**Assigned task**
Look below for the line containing "this 1800×1200 image."; write out that line and each one after it to the end, exactly, and nothing else.

**Information supplied**

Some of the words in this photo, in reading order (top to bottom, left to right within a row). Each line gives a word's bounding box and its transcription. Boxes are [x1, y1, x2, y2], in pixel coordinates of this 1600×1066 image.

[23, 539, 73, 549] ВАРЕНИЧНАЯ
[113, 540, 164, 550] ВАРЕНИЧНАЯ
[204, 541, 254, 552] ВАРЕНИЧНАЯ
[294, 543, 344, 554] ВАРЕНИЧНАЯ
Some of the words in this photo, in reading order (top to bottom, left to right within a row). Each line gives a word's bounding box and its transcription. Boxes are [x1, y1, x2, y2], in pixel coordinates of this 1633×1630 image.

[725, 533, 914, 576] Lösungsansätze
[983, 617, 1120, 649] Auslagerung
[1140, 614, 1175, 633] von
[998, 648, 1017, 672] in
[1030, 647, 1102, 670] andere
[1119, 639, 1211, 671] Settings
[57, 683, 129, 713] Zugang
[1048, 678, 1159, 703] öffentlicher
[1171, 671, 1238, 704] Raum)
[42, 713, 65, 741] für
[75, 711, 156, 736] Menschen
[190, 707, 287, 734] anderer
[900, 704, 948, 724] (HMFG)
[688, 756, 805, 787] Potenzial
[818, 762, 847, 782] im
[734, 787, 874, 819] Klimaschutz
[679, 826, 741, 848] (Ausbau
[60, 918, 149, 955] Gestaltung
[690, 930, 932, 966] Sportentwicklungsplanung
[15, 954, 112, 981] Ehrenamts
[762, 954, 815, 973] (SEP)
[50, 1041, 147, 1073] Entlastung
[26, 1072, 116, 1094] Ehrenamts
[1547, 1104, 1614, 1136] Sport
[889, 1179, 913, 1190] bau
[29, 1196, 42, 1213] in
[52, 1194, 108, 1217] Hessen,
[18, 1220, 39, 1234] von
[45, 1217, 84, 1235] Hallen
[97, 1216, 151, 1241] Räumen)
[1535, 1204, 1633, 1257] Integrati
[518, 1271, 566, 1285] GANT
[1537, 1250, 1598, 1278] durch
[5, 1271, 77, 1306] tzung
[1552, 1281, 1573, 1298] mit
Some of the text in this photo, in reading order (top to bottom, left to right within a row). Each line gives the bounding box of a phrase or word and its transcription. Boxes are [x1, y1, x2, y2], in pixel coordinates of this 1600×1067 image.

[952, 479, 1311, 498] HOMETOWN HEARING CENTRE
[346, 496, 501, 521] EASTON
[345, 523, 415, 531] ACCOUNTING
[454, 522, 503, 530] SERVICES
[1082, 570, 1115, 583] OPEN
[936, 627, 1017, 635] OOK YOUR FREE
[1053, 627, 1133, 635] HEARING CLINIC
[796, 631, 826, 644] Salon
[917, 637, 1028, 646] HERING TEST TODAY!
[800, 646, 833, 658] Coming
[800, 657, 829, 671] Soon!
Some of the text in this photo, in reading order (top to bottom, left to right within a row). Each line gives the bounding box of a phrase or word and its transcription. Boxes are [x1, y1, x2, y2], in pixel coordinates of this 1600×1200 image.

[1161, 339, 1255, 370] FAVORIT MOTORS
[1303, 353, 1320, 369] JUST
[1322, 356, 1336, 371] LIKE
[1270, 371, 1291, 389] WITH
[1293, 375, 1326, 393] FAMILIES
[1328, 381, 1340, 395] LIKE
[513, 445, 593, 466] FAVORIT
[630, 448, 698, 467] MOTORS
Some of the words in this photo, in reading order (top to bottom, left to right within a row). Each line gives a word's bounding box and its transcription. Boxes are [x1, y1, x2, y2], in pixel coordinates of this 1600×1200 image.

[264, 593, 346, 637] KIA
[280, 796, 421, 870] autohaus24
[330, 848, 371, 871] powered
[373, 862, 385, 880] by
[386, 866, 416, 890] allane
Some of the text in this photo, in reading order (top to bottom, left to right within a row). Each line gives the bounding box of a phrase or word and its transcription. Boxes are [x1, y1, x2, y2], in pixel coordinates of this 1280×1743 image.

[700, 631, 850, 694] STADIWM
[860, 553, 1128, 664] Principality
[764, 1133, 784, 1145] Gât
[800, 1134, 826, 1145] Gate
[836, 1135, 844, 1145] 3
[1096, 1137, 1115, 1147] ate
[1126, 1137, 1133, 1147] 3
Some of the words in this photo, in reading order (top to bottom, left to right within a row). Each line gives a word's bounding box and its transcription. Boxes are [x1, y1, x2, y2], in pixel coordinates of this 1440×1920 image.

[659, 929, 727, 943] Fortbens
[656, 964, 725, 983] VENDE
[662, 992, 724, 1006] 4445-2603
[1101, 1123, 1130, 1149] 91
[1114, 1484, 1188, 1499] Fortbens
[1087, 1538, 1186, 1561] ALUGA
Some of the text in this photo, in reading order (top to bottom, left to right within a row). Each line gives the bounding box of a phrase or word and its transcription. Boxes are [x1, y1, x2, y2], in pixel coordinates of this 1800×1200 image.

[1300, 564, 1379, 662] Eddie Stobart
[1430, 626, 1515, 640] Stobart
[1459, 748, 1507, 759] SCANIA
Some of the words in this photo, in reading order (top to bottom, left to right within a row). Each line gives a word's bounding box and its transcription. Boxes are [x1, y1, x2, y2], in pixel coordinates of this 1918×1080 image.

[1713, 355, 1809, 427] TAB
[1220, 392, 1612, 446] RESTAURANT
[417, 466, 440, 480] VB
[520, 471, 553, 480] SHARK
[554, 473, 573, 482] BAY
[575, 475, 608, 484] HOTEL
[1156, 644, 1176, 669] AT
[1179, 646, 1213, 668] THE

**Output for this exercise**
Some of the text in this photo, in reading order (top to bottom, left to right within a row). Each line gives the bounding box of a phrase or word and its transcription. Boxes are [x1, y1, x2, y2], in pixel coordinates of this 1800×1200 image.

[1300, 564, 1379, 662] Eddie Stobart
[1430, 626, 1515, 640] Stobart
[1459, 748, 1507, 759] SCANIA
Some of the words in this photo, in reading order (top to bottom, left to right within a row). Each line gives a word's bounding box and its transcription. Boxes are [x1, y1, x2, y2], in pixel coordinates of this 1918×1080 image.

[1713, 355, 1809, 427] TAB
[1220, 392, 1612, 446] RESTAURANT
[417, 466, 440, 480] VB
[520, 471, 553, 480] SHARK
[554, 473, 573, 482] BAY
[575, 475, 608, 484] HOTEL
[1156, 644, 1176, 669] AT
[1179, 646, 1213, 668] THE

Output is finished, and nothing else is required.